Notes on Meditation, Trauma and Sleeping in the Rain
- Matthew Saks
- Sep 9, 2022
- 9 min read
In my younger days, I used to be attracted to extreme experiences. One youthful experience that stands out to me was the time in my 20s when a friend of mine and I attempted to walk across a country in eastern Europe without a tent, sleeping bag, or any camping gear at all. The only explanation I can offer here is that were young, dumb and reading too much Nietzsche. We wanted to take minimalism to a new level and so we decided to walk through hundreds of miles of a foreign country carrying only a map, a bag of muesli, and a few changes of clothing.
For anyone wishing to recreate this adventure, let me tell you: you've never had a truly bad night of sleep until you've slept on the ground in a cold, dark forest in the pouring rain. That happened on the first night of the trip, and nearly every successive night of the trip. I still remember lying there, that first night, shivering and miserable, the rain beating down on me. A single thought kept recurring in my brain: "This is a terrible idea." Worst night of camping ever.
With the benefit of age and a little wisdom, I can see now that my yearning for extreme experience was a deep-set need to fill an inner emptiness. I was an exciting kind of person then; but mostly because I was so painfully lost. I was great fun at parties; but mostly because I was medicating undiagnosed depression.
These days, I'm less fun at parties. The only kind of extreme experience I regularly participate in are periodic meditation retreats where I sit in silence with a group of other similarly brave (or dumb) humans for up to seven days at a time. But I don't want to really talk here about meditation, or the virtues of meditation, because you probably saw a thousand Instagram posts on that before noon today. All I want to say about meditation is that meditation, fundamentally, is about sitting with what is, and "what is" is often terrible. One of the core misconceptions I hear about meditation (from people who don't meditate) is that it's a kind of blissed-out experience. Yes, one can attain many wonderful and blissful states of being through meditation, but more often - particularly in the beginning - it's more of an extremely painful confrontation with everything you've spent your life avoiding. For good reason, in Tibetan Buddhism, one symbol for meditation is an image of an arrow passing through an eyeball. That's how it often feels. You're sitting on a cushion, undefended, while every insecurity and fear you've ever experienced pierces you relentlessly, for minutes that can feel like days, and for days that can feel like years. A meditation teacher of mine once mocked the popular notion of "living in the moment" and that this was supposed to be this great thing. He noted that when we really tune in to the present moment, the news isn't usually good. At best, we're hungry, or bored, or uncomfortable in the chair we're in; at worst, we're terrified of a work deadline, or sad about a recent loss, or depressed, or having a panic attack. The "moment" usually kind of sucks.
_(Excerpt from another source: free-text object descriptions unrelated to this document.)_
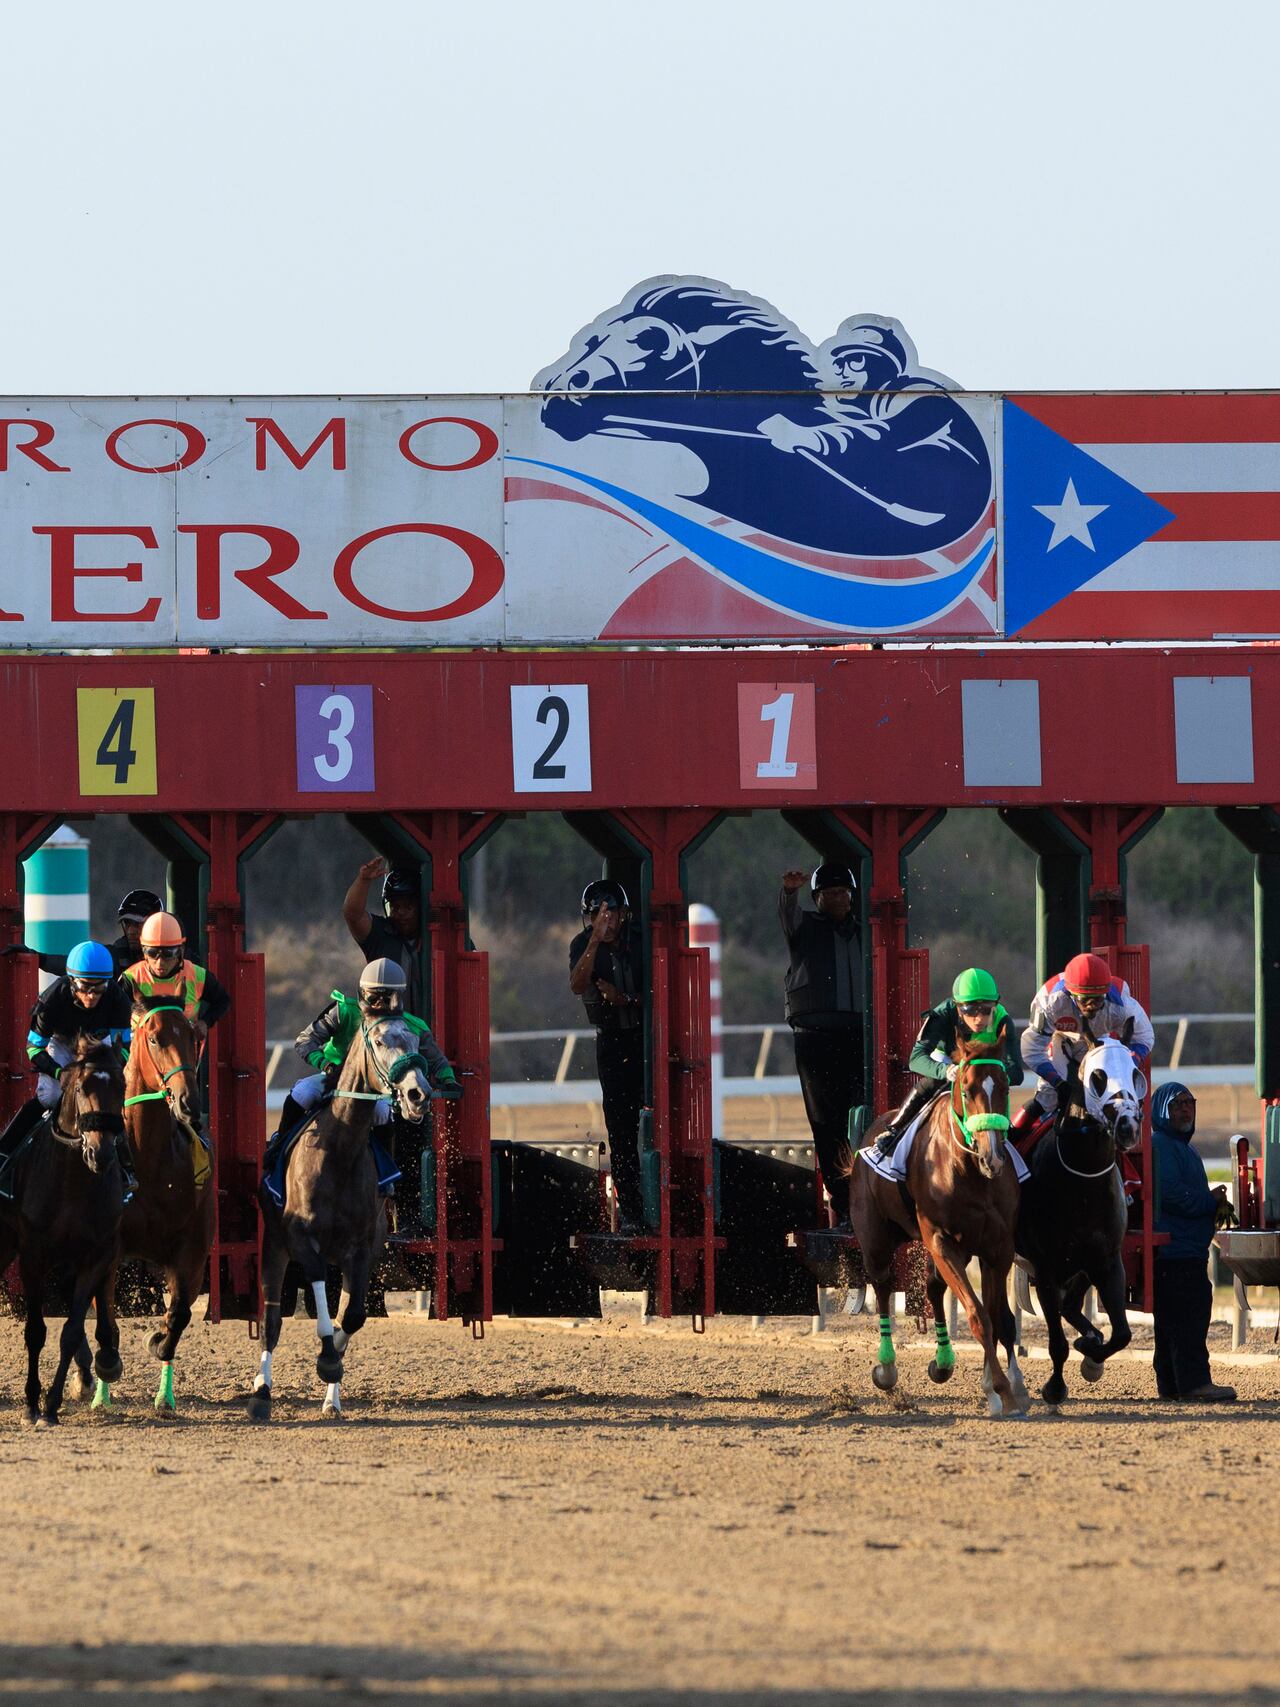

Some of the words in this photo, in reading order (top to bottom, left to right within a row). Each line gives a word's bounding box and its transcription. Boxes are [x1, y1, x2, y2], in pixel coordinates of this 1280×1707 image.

[96, 699, 136, 784] 4
[313, 694, 355, 782] 3
[532, 695, 570, 780] 2
[757, 693, 797, 778] 1
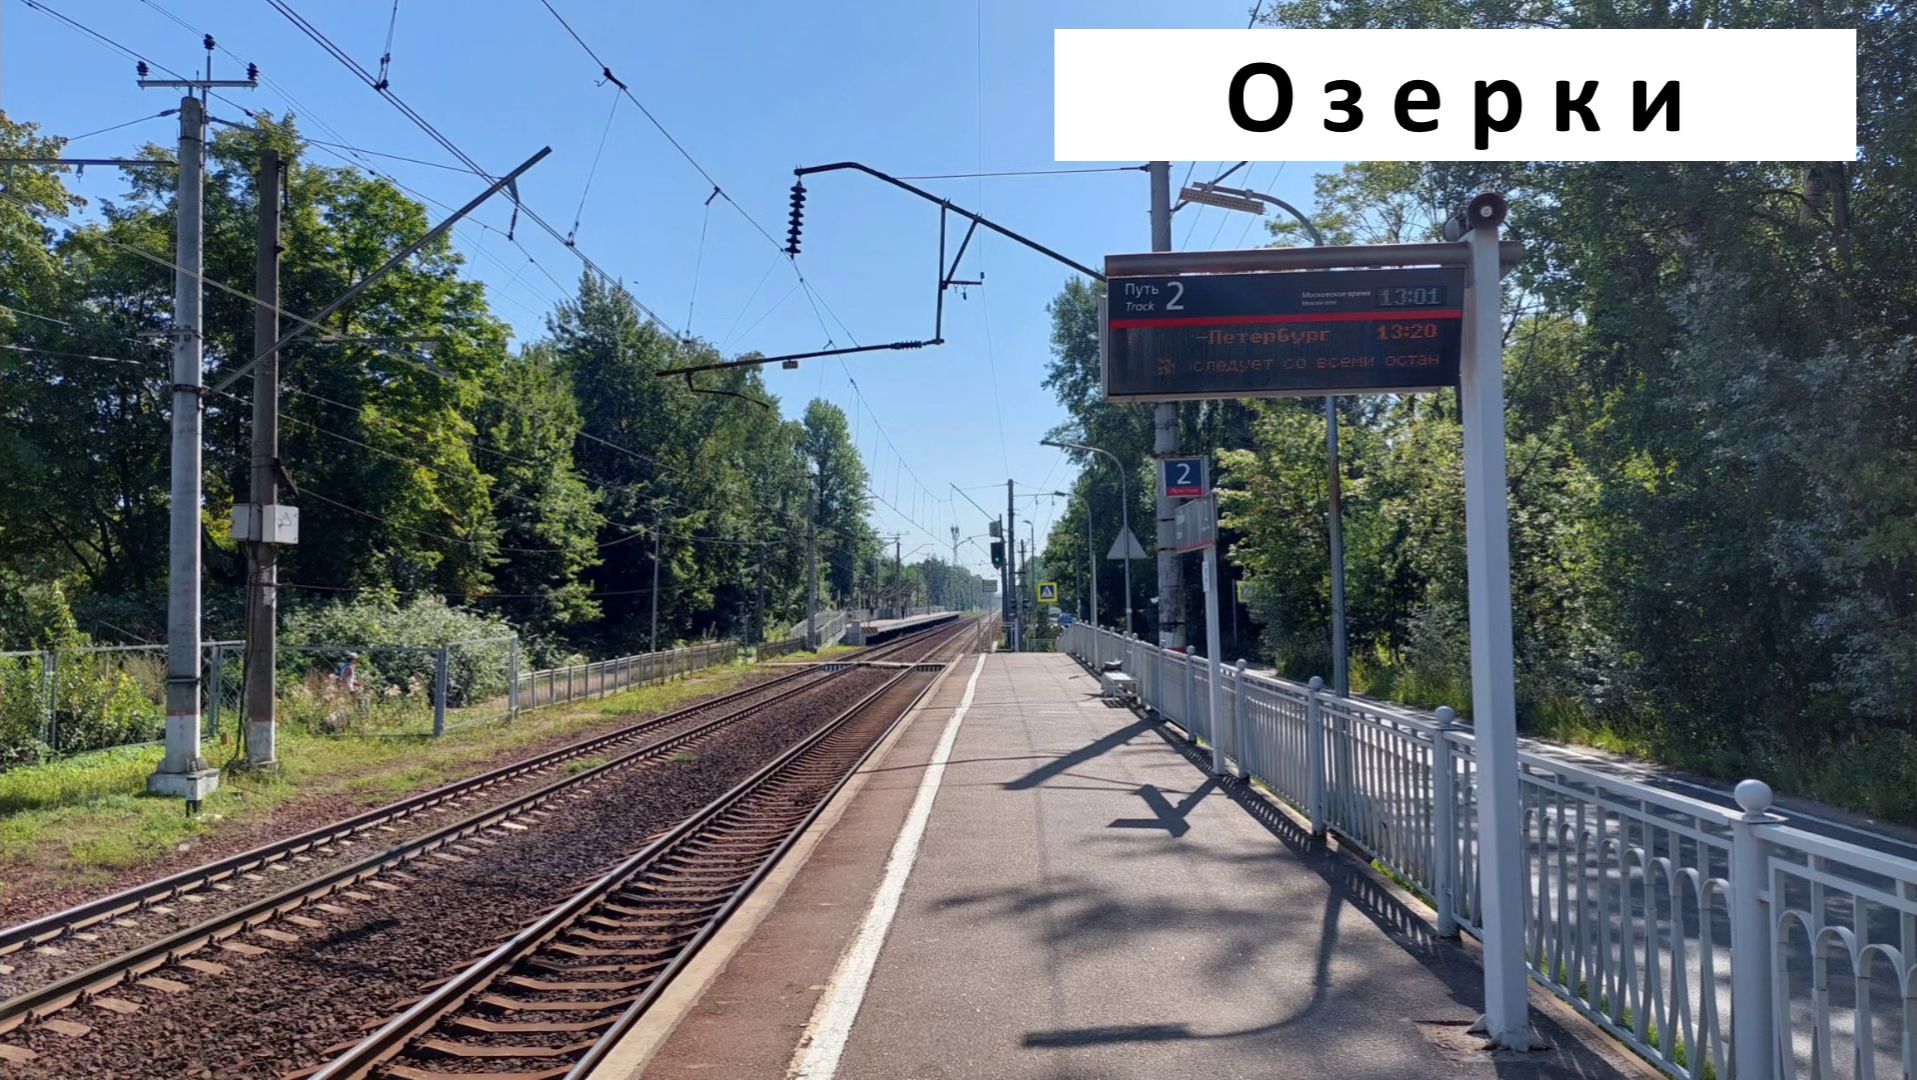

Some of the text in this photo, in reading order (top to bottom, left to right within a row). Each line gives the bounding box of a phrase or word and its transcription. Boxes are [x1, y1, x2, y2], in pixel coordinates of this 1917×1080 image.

[1125, 281, 1184, 310] Путь 2
[1379, 287, 1441, 306] 13:01
[1126, 301, 1155, 312] Track
[1377, 323, 1438, 340] 13:20
[1385, 354, 1440, 367] остан
[1176, 463, 1191, 485] 2
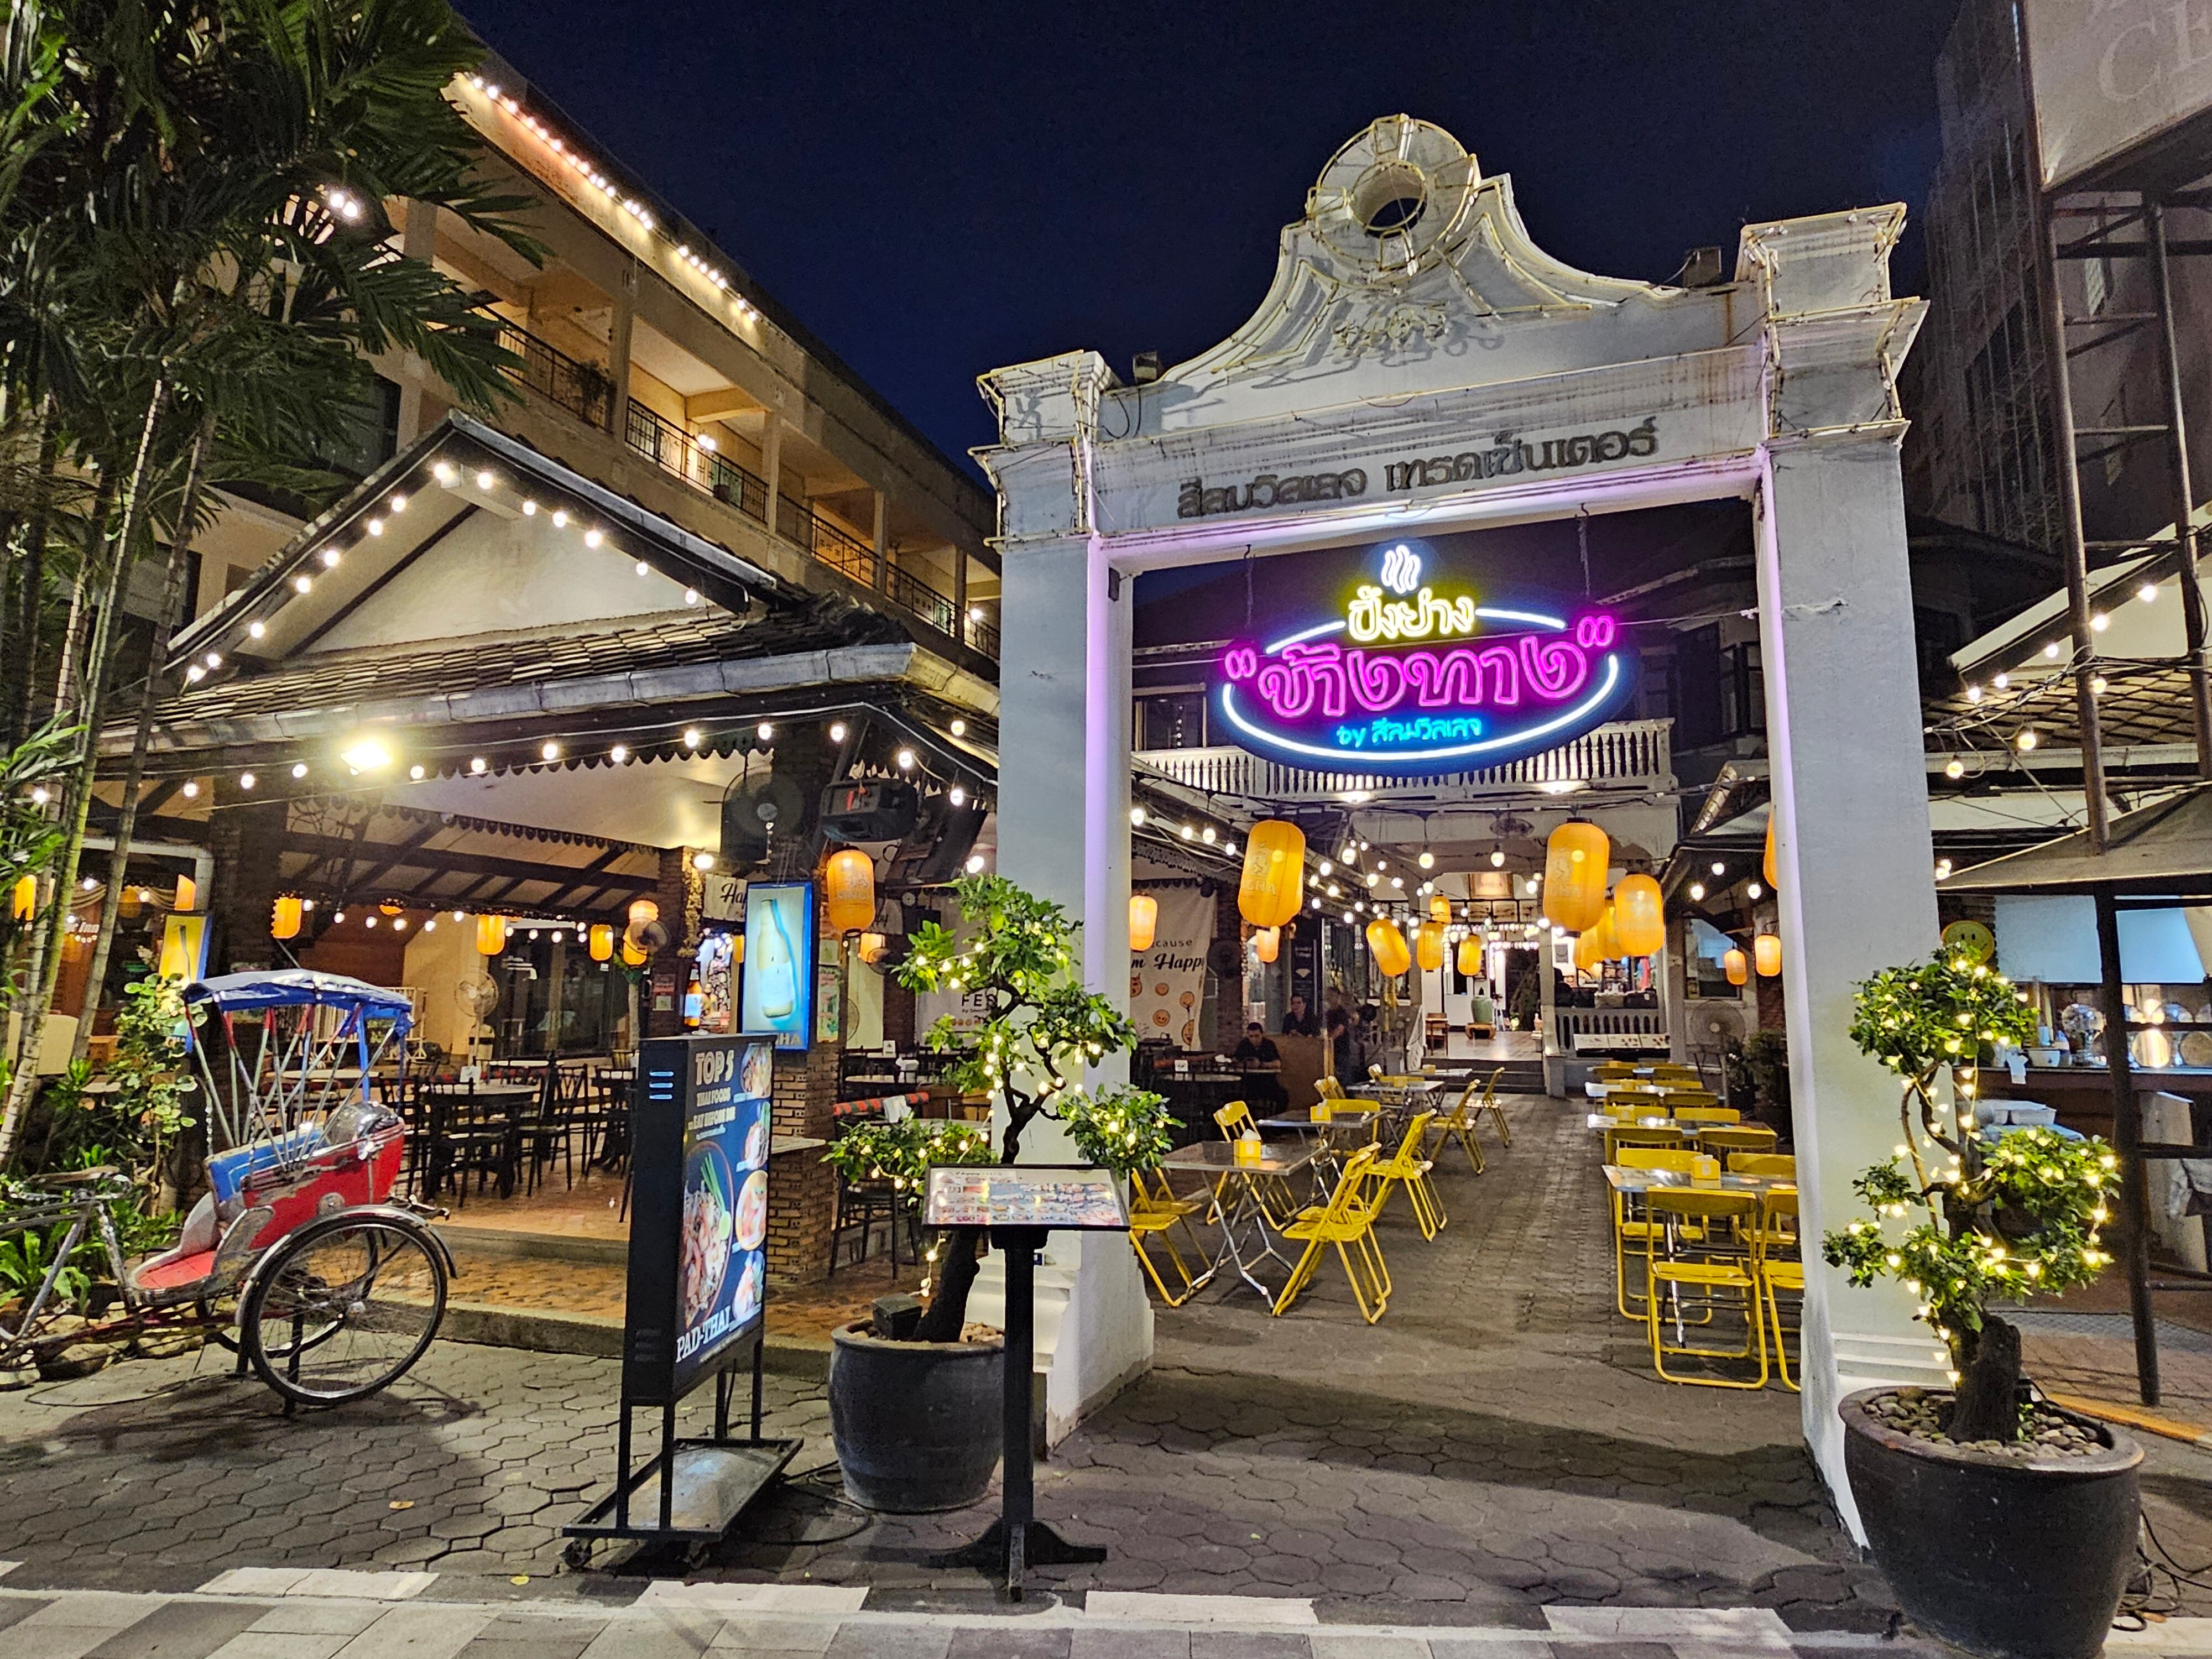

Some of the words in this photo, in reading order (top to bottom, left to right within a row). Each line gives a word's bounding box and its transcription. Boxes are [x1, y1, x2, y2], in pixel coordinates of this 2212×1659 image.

[1177, 468, 1368, 519] สีลมวิลเลจ
[1385, 416, 1660, 492] เทรดเซ็นเตอร์
[1348, 586, 1475, 641] ปิ้งย่าง
[1337, 725, 1366, 748] by
[1371, 717, 1482, 743] สีลมวิลเลจ
[1152, 939, 1192, 947] cause
[696, 1051, 725, 1086] TOP
[725, 1050, 734, 1082] 5
[676, 1305, 732, 1364] PAD-THAI
In meditation, you confront again and again (and again and again), the "first noble truth" in Buddhism, which is that life is...uncomfortable. What I want to do is to link this spiritual insight to our understanding of trauma and, in the process, tweak slightly how we think of trauma and maybe mental health in general. Here's why. When you sit in silence for long enough, when you decide that you want to face life, when you decide that you want to really see life as it is, and see through your rationalizations and defenses and lies (these are the rationalizations and defenses and lies, by the way, that allow us to keep going and functioning), you see that life isn't just uncomfortable. It's actually rather worse than that, I'm sorry to say. You see that life is really a long experience of discomfort - thoughts and feelings that are really too difficult to face all the time.
Our understanding of trauma has grown exponentially over the past twenty years, and completely changed how we practice therapy. Increased awareness of PTSD, and new treatments for PTSD, have allowed millions of people to live happier lives (and I believe that PTSD is still under-diagnosed). Yet, there is still a common perception that trauma is a kind of thing that will happen rarely and, in any event, shouldn't happen in a life that's gone well. What I want to do is to refocus our lens slightly so we can see that trauma is unfortunately part of the fabric of every human life. If you experience trauma, it does not mean that you're living an abnormal life, or that your life has gone off course; it merely means that you're living. Even under the best of circumstances - you're born in a wealthy family of loving people, you have a great career, you have plenty of money, you have a loving, healthy family of your own - you're still going to experience one or more unspeakable disasters. That's just how it is. But then why do we have this habit of mind of thinking that trauma shouldn't or won't happen? Simply, because it's trauma. Trauma, by definition, is an experience so extreme or painful that it exceeds our ability to cope with it. The idea of being traumatized is so terrifying to the human organism that we naturally repress it (rationalize, defend, lie). Otherwise, our nervous systems would be in a permanent state of activation. We must think of disaster as something extraordinary, unlikely, outside the normal course of life.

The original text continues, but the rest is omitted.